Orchids can be a little picky when it comes to light, temperature, and humidity.

So, what can you do to keep your orchid happy and blooming?

  1. Light it up: Orchids love bright, indirect light. A spot near a window with a sheer curtain works great. Too much direct sunlight can burn their leaves, so keep an eye on how much sun your orchid is getting. If the leaves are a deep green, it might need a bit more light to thrive.
  1. Temperature talk: These plants enjoy a temperature range of around 60-75°F during the day and a bit cooler at night. So if your home’s temps are within that range, you’re golden! Just make sure not to place them near drafts or heating/cooling vents.
  1. Humidity, baby: Orchids love high humidity, so aim for 40-60%. You can use a humidity tray or mist your orchid daily to keep it happy. A small humidifier near your plant can also do the trick.
  1. Fertilize like a pro: Feed your orchid with a balanced, water-soluble fertilizer every couple of weeks. Make sure to follow the package instructions, ’cause too much can do more harm than good. 
  1. Repotting 101: Orchids generally need repotting every 1-2 years. Choose a well-draining mix designed for orchids, and don’t forget to give that root system a little trim to remove any dead stuff. Your plant will thank you!
  1. Prune like a boss: After your orchid has finished blooming, you’ll want to trim the flower stem. Cut it above the second node (the little bumps on the stem) to encourage new growth. Keep an eye out for any yellowing or dead leaves and remove them to keep your plant healthy.
  1. Maintenance matters: Keep your orchid’s leaves clean by wiping them with a damp cloth. This helps the plant breathe and absorb light more efficiently. Plus, it keeps pests at bay!

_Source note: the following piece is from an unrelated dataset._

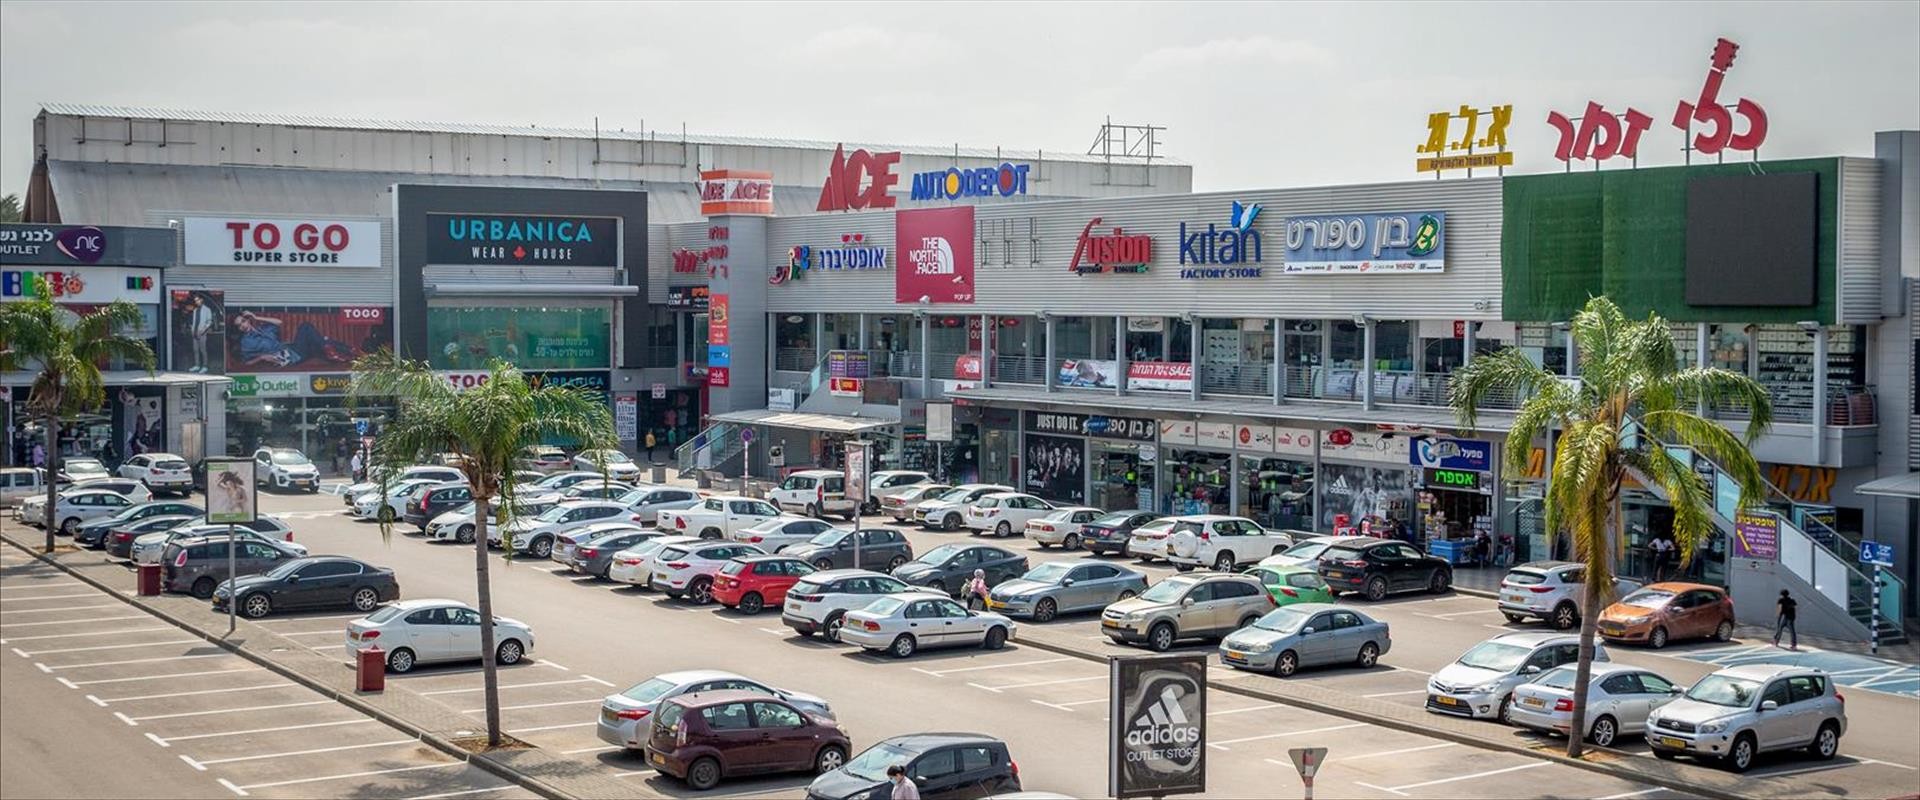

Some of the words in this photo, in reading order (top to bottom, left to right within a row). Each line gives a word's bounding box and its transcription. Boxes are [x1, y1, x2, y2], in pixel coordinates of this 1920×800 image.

With a little TLC, your orchid will be blooming like a champ in no time.

Remember, patience is key – these plants can take a while to rebloom, but it’s totally worth the wait.

Displaying Orchids in Your Home

I’ve got some creative ideas for ya to show off your prized orchid collection and make your home look like a botanical paradise.

orchid indoors 2

Creative ideas for showcasing your orchid collection

Who says you can only display orchids?

Get a little wild and combine them with other houseplants for a lush and visually interesting setup.

You can group your orchids with some ferns, pothos, or even some snake plants to create a mini indoor jungle.

The different textures and colors of the leaves will make your orchid display really pop.

Plus, having a variety of plants in the mix can help improve air quality in your home.

Combining orchids with other houseplants for visual interest

What about using orchids as living decor in various rooms of your home?

Orchids aren’t just for your living room, folks.

Think outside the box and add some orchid flair to other spaces in your home.

How about placing a lovely orchid on your nightstand to add a touch of elegance to your bedroom?

Or maybe you’ve got an empty windowsill in your bathroom just begging for a beautiful orchid to brighten up the space.

Trust me, there’s no better way to make a room feel more luxurious and spa-like than with an exotic orchid.

Using orchids as living decor in various rooms of your home

You know what’s even cooler? You can get all artsy with your orchid display by using unconventional containers or hanging methods.

Forget those boring old pots – try displaying your orchids in unique containers like vintage teacups, mason jars, or even some cool-looking shoes (seriously, I’ve seen it done!).

If you’re feeling extra crafty, you can create a hanging orchid display using macrame plant hangers or even some repurposed picture frames.

Your friends will be super impressed, and your orchids will be the talk of the town!

Oh, and speaking of showing off your orchid collection, why not make it a focal point in your home?

You can create a stunning orchid wall by installing some floating shelves or using a ladder-style plant stand.

Arrange your orchids in a visually appealing way, and maybe even add some fairy lights for that extra touch of magic.

It’ll become the centerpiece of your room, and you’ll feel like you’re living in a tropical oasis (minus the humidity and bugs, of course!).